Set down all of the entries word for word, omitting the images they contain.
━━ RECORD EXTRACTS
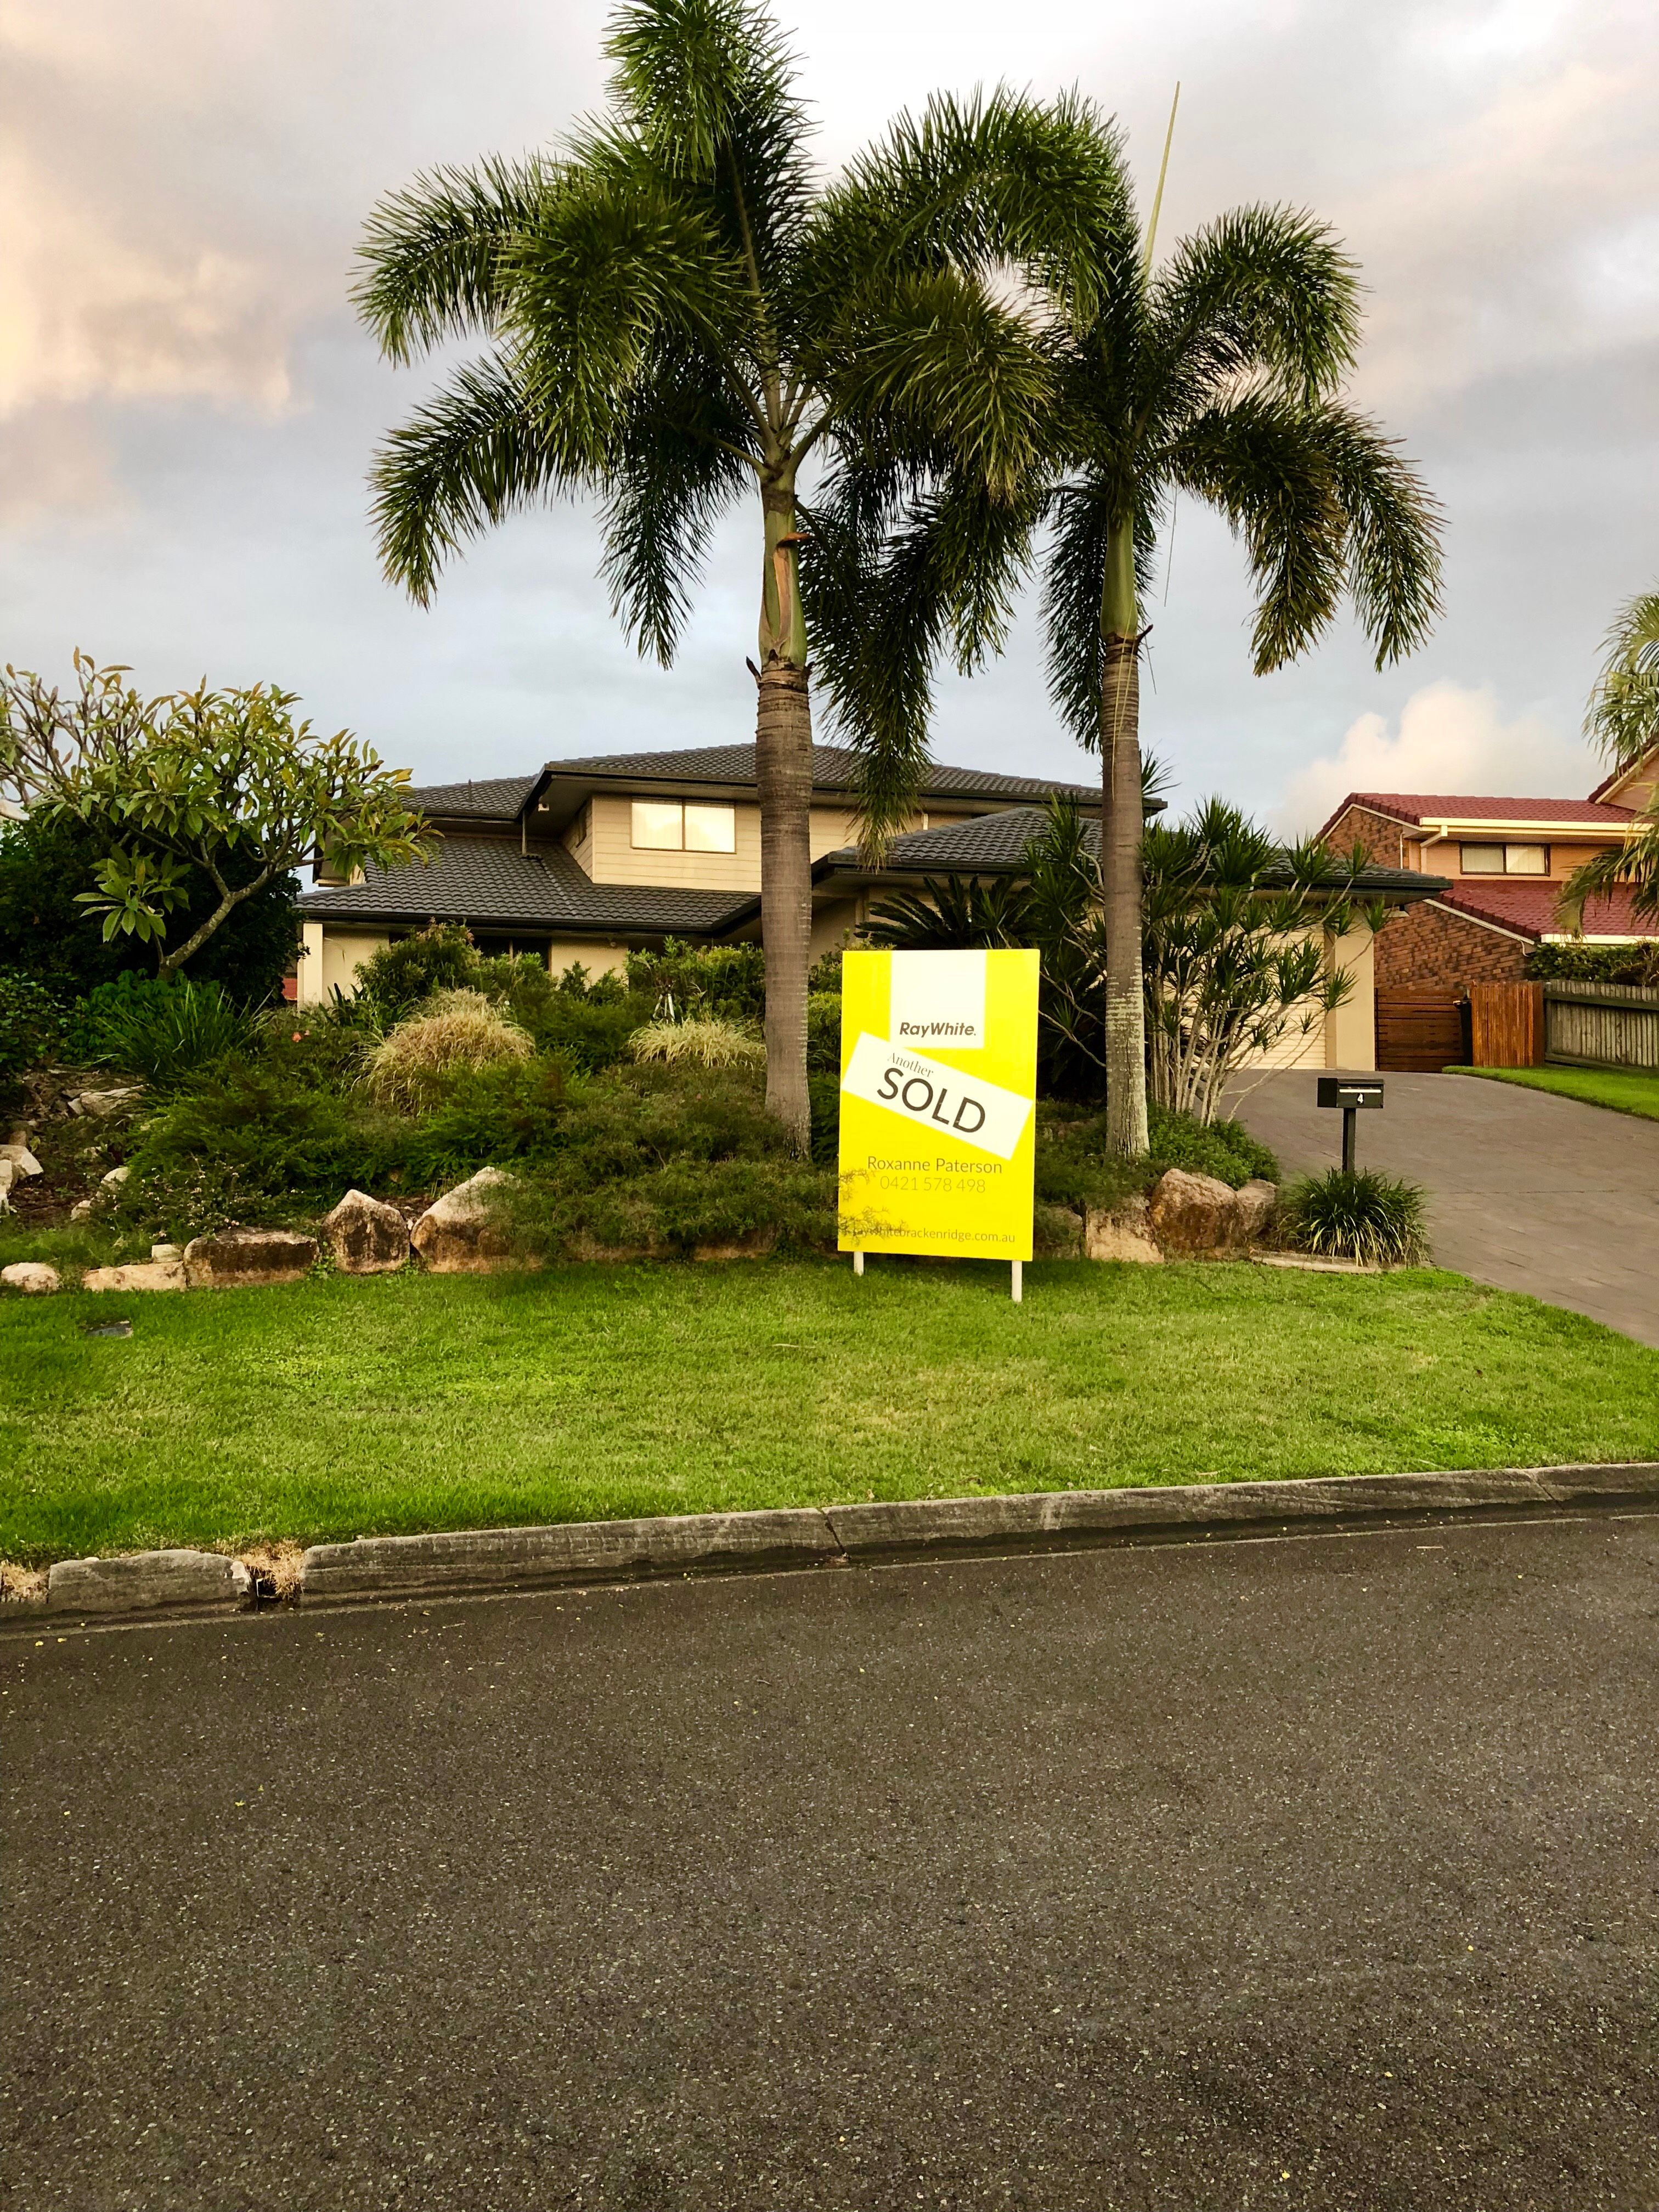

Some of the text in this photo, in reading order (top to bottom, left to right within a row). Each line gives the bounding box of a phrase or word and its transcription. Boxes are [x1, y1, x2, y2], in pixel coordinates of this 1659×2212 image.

[887, 1052, 934, 1077] Another
[877, 1068, 986, 1133] SOLD
[1357, 1093, 1363, 1104] 4
[867, 1156, 1002, 1174] Roxanne Paterson
[880, 1175, 986, 1193] 0421 578 498
[853, 1226, 1015, 1243] yhitebrackenridge.com.au
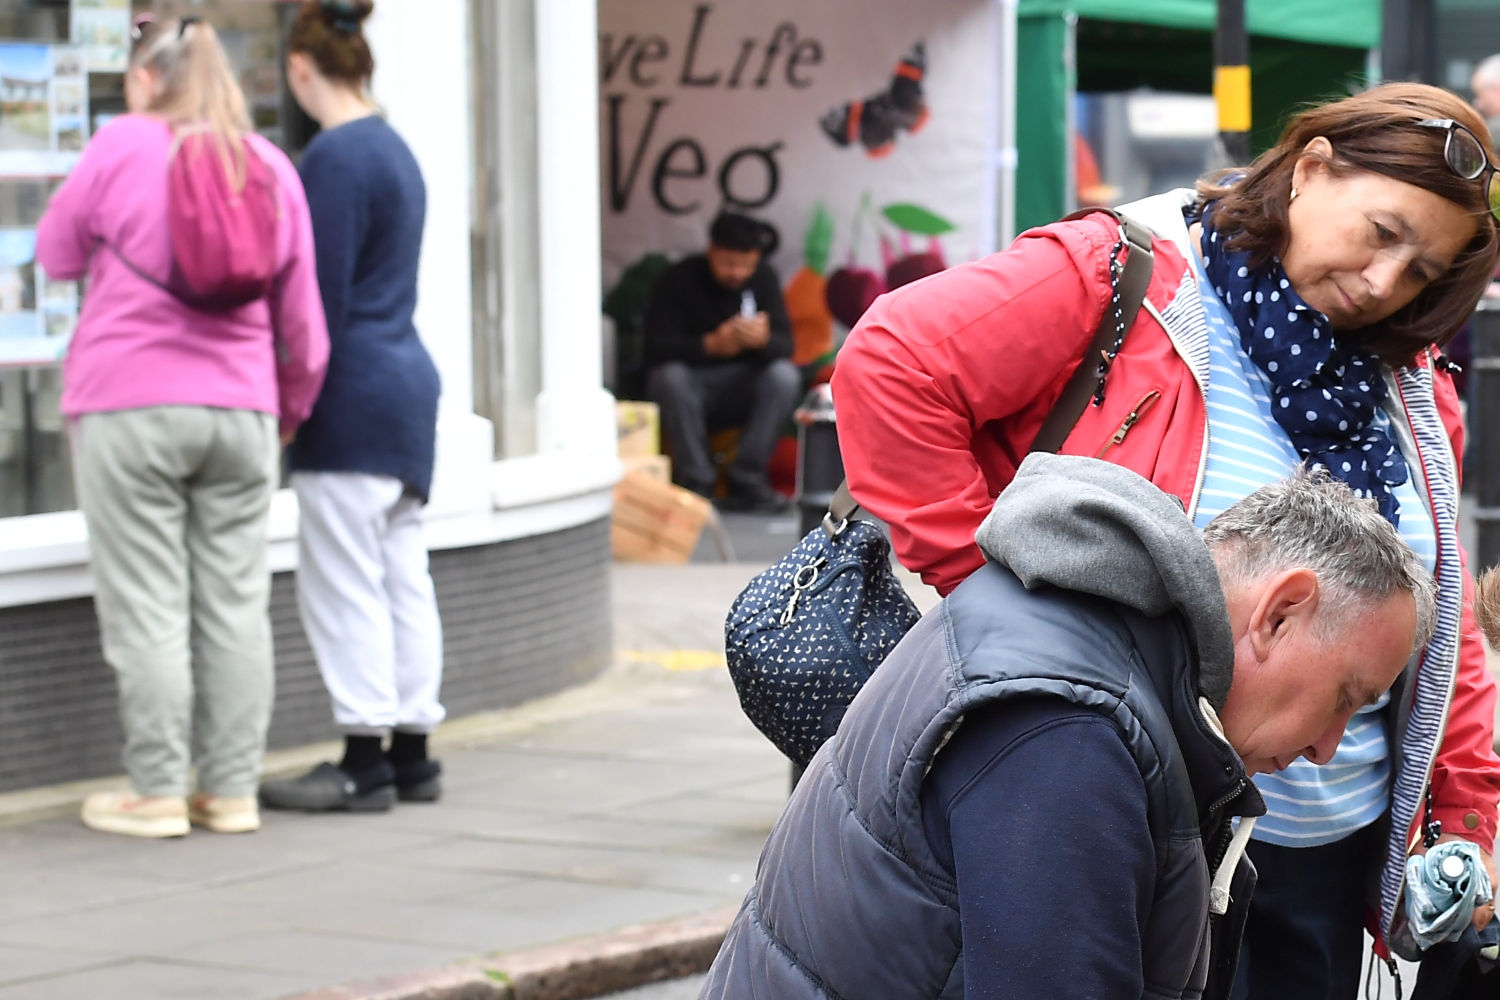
━━━━
- RESPONSE AREA
Some of the text in this photo, in reading order (top to bottom, left to right within a row). Each line gives the bounding box of a phrase or word and its transcription. Boxes are [x1, y1, x2, y2], in pixel coordinates of this 1659×2212 image.

[887, 1052, 934, 1077] Another
[877, 1068, 986, 1133] SOLD
[1357, 1093, 1363, 1104] 4
[867, 1156, 1002, 1174] Roxanne Paterson
[880, 1175, 986, 1193] 0421 578 498
[853, 1226, 1015, 1243] yhitebrackenridge.com.au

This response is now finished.